(Image-backed grounding data)
---

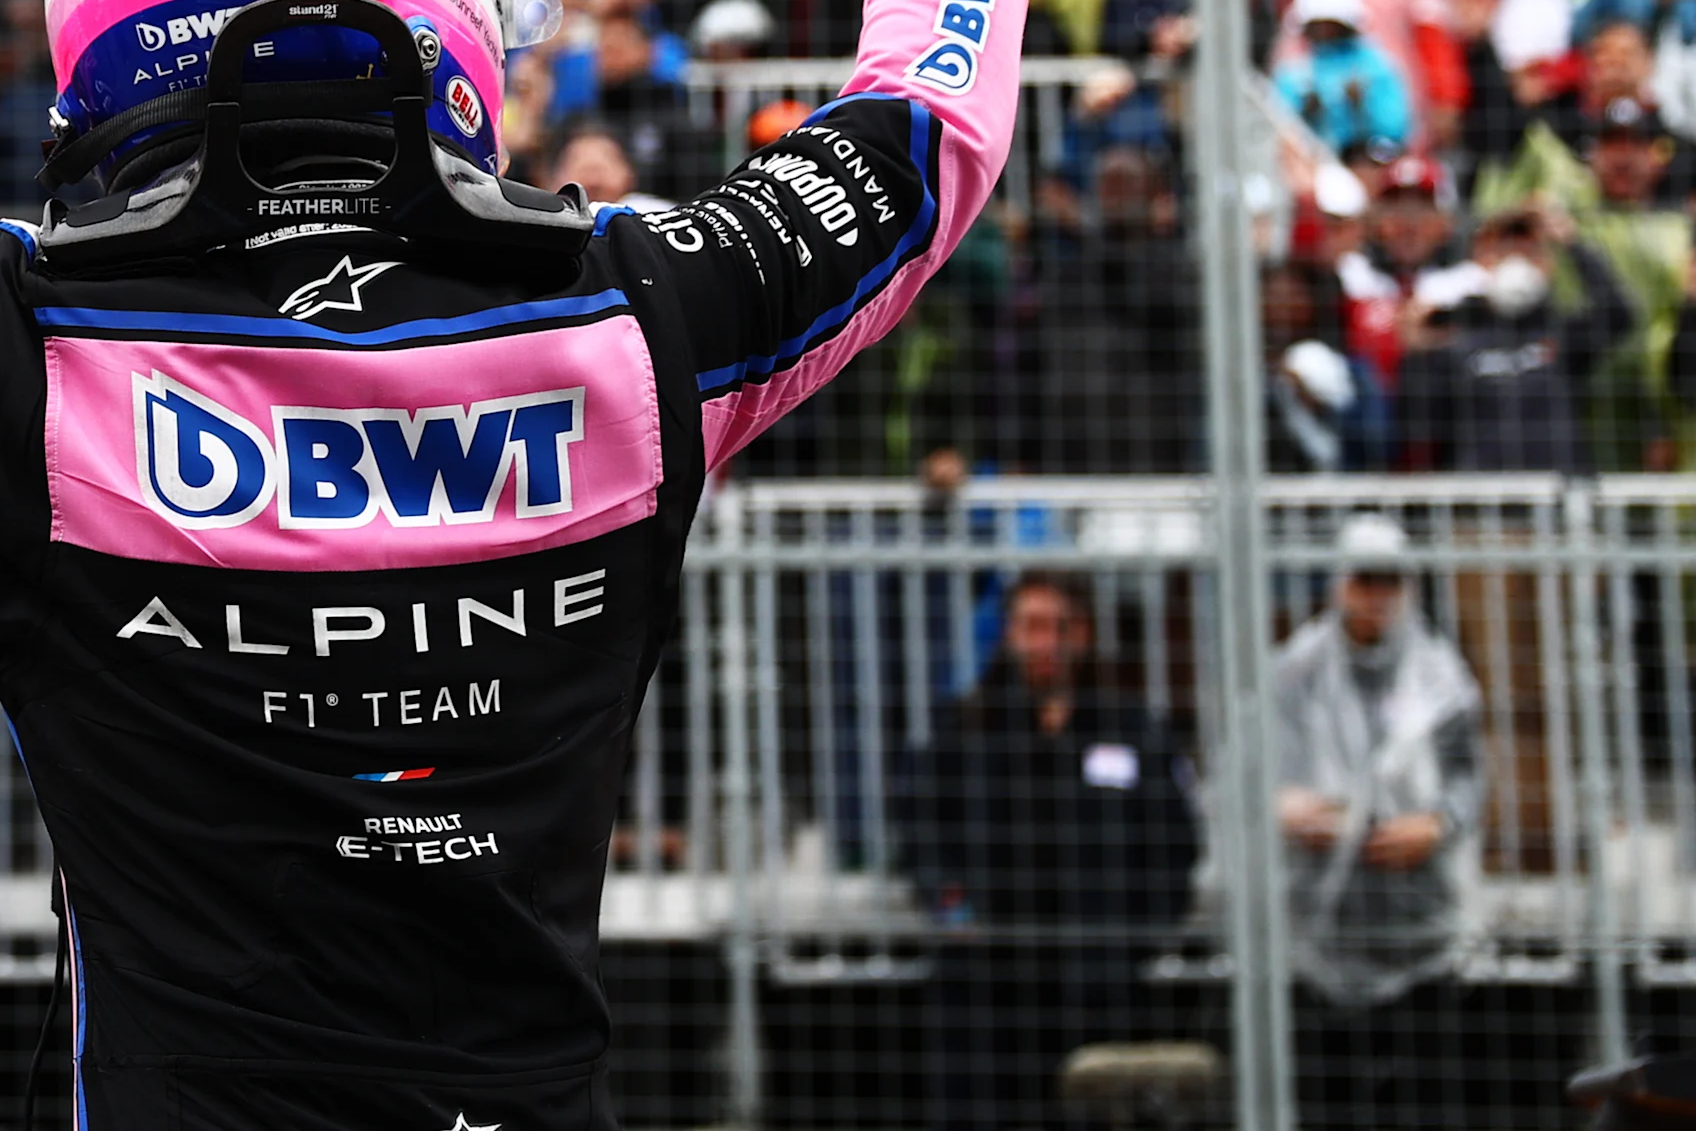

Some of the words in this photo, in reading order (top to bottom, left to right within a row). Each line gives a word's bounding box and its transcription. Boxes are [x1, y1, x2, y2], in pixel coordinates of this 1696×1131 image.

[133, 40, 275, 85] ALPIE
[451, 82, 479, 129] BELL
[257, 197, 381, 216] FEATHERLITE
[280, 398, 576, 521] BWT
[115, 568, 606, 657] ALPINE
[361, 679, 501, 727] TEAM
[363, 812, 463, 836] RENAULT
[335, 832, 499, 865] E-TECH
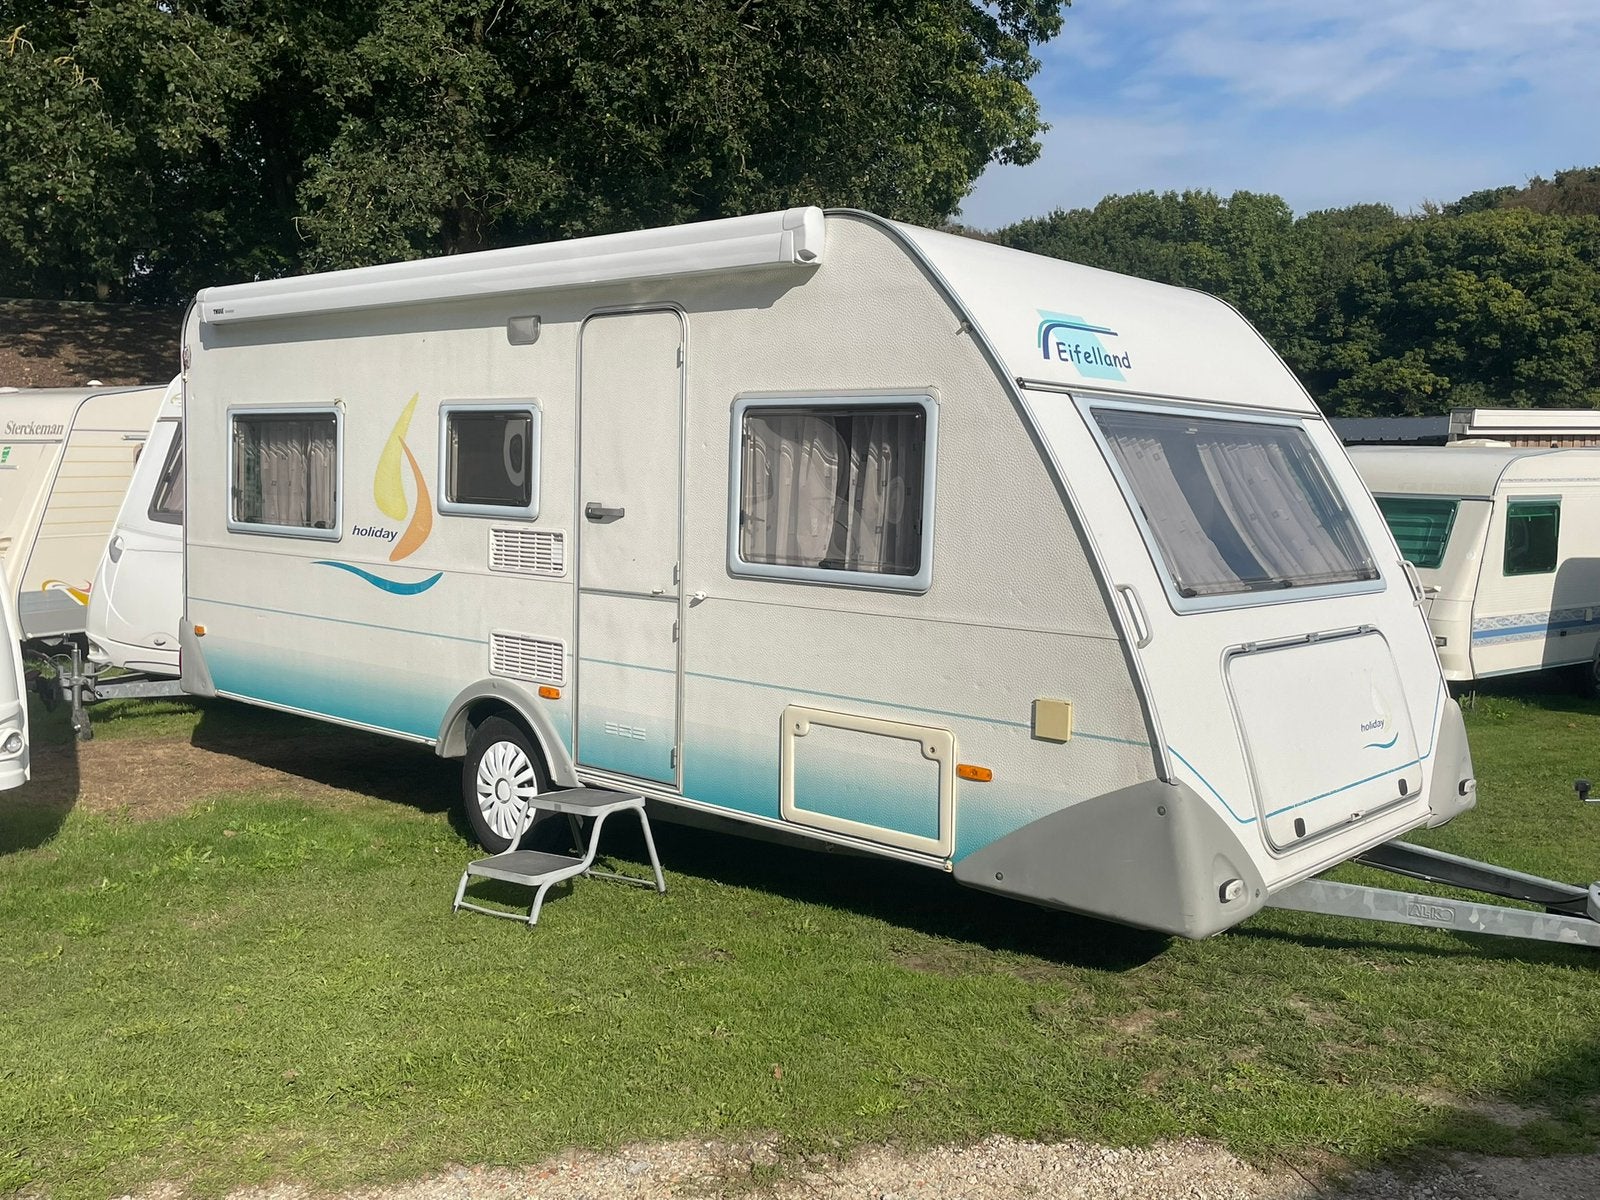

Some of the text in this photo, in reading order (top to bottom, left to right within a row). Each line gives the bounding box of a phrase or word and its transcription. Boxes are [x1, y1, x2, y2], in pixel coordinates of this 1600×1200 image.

---

▶ Prompt
Reproduce every entry above in full and exactly, though not its pictures.

▶ Answer
Some of the words in this photo, in reading order (top to bottom, left to right within a row). Each line gives a word's bounding box and its transcription. Boxes are [x1, y1, x2, y2], in pixel coordinates of this 1696×1131 image.

[133, 40, 275, 85] ALPIE
[451, 82, 479, 129] BELL
[257, 197, 381, 216] FEATHERLITE
[280, 398, 576, 521] BWT
[115, 568, 606, 657] ALPINE
[361, 679, 501, 727] TEAM
[363, 812, 463, 836] RENAULT
[335, 832, 499, 865] E-TECH

Some of the text in this photo, in reading order (top to bottom, left to right within a row). Each line gives the bounding box of a phrase or word and its transcription. Boxes are [x1, y1, x2, y2], in pixel coordinates of this 1600×1200 image.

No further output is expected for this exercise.